The study of yeast in a brewing context is a relatively new thing. “The timeline for us even knowing that yeast even existed in alcoholic beverages is not that long,” said McKinnon, “compared to the 2000+ years we’ve been using yeast to ferment things.”
It was Dr. Emil Christian Hansen, working at Carlsberg Laboratories in Copenhagen, Denmark, who was the first to purify yeast in 1883. This discovery put an end to “beer sickness,” or contaminated beer from unwanted bacteria, a result of unpredictability in brewing.
Dr. Hansen was the first to postulate that it was in fact microorganisms that caused wine and beer to ferment.

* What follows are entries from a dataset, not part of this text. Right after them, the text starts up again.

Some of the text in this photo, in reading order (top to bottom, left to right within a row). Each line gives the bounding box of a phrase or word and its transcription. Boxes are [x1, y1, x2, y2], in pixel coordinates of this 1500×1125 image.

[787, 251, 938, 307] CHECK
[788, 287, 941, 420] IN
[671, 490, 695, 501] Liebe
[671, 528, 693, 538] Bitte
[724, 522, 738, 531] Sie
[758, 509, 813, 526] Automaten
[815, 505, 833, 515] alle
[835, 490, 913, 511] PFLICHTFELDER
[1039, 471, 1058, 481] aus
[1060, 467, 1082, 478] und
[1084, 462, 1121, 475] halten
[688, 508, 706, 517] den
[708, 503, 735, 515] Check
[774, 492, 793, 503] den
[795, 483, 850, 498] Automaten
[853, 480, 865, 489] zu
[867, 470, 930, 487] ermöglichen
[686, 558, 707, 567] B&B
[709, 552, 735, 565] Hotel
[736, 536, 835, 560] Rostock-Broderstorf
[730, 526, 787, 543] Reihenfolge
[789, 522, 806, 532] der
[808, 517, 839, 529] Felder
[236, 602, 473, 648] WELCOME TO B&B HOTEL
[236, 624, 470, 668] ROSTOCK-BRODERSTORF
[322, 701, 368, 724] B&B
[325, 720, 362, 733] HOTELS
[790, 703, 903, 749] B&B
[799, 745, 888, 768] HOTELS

Prior to Dr. Hansen’s work at Carlsberg, brewers didn’t know that yeast was an organism that they needed to keep alive.
Needless to say, to this day yeast requires a lot of TLC: “We as brewers have to give yeast a good home to maintain its health and integrity,” said O’Hara. “This means keeping things clean, and fostering a nutrient-rich environment for yeast to do its thing.”
“Some of the yeast strains we’re using in our beer have been cultivated for hundreds of years,” said McKinnon. “It has taken people caring for these yeasts and keep them going generation after generation that has allowed us to use them.”

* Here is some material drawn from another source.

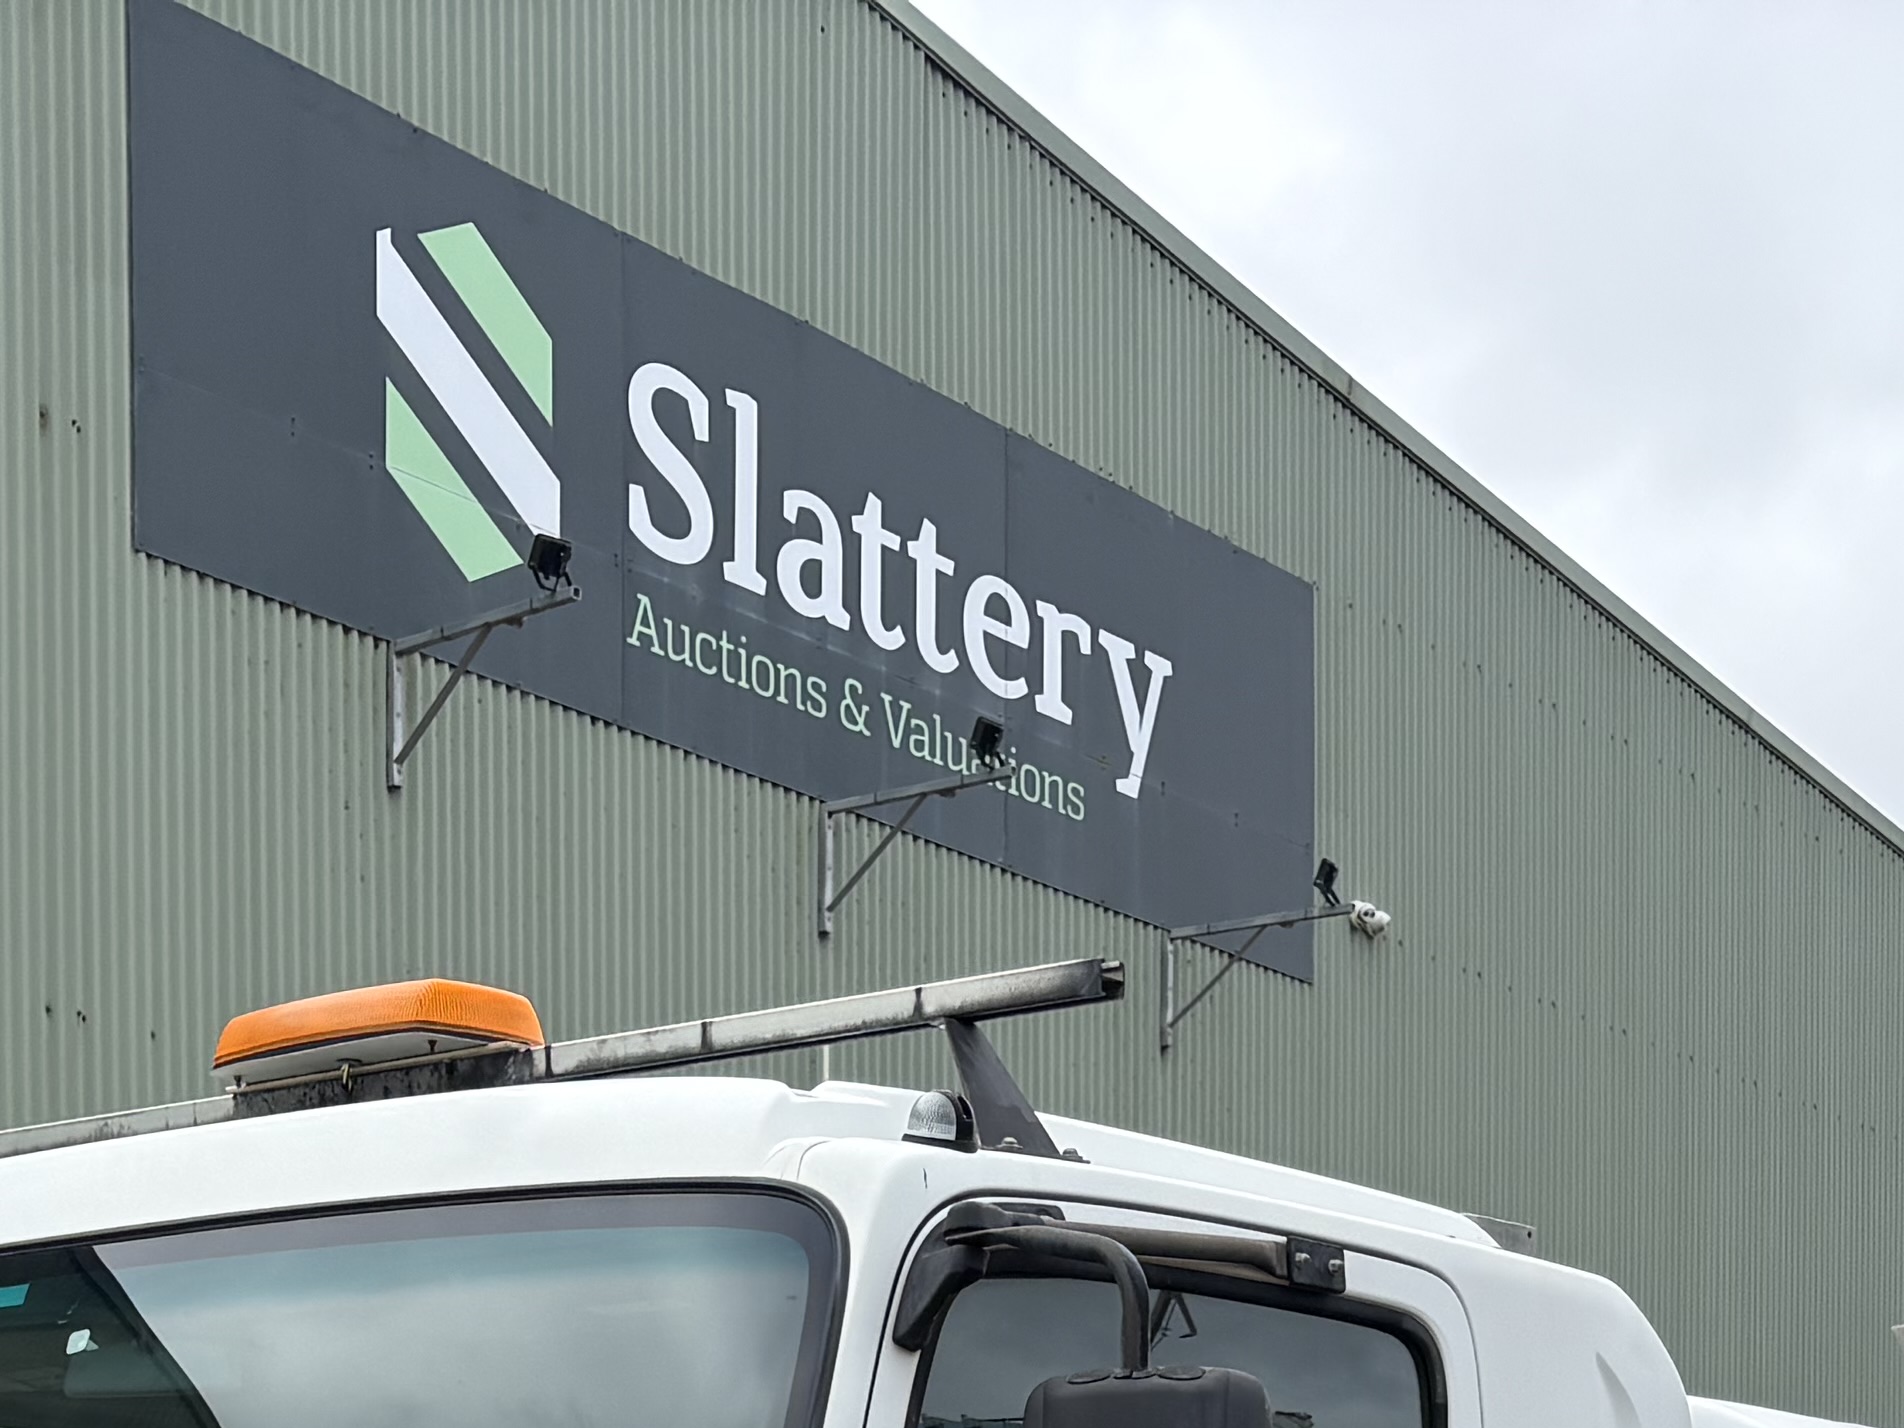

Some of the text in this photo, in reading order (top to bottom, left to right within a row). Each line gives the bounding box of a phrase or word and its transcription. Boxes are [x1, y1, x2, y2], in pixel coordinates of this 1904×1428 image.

[626, 593, 1086, 821] Auctions & Valuions
[627, 361, 1174, 800] Slattery

Lager strains today can cope with cooler temperatures because of the practice in Germany (Middle Ages through 1800s) of only brewing during colder months to avoid the contamination risks of brewing during summer; then having lagering (cold aging) take place underground in beer cellars.
“If the last German lager yeast disappears, for example, it is extinct,” he continued. “It is really cool to think that we’re using something that people have been using for thousands of years and keeping alive.”
McKinnon: “If you want to up your homebrewing game from mediocre to something you’re super proud of, don’t just take the yeast packet. Seek out other yeast strains and try them out. They have a huge impact. You’ll find ones that work well for you in the styles of beer you like to make, and you’ll find ones that don’t. If you can find liquid yeast that’s probably better than freeze-dried yeast.”
Recap
The next time I’m around the kitchen table with friends and the conversation gravitates to beer — as it often does — thanks to these informative and fascinating conversations with Matthew, Alex and Angus, I’ll be able to delve a little deeper into the science of beer: from fermentation to yeast flavours and aromas, and everything in between. After all, the employee that works 24 hours a day deserves a little credit.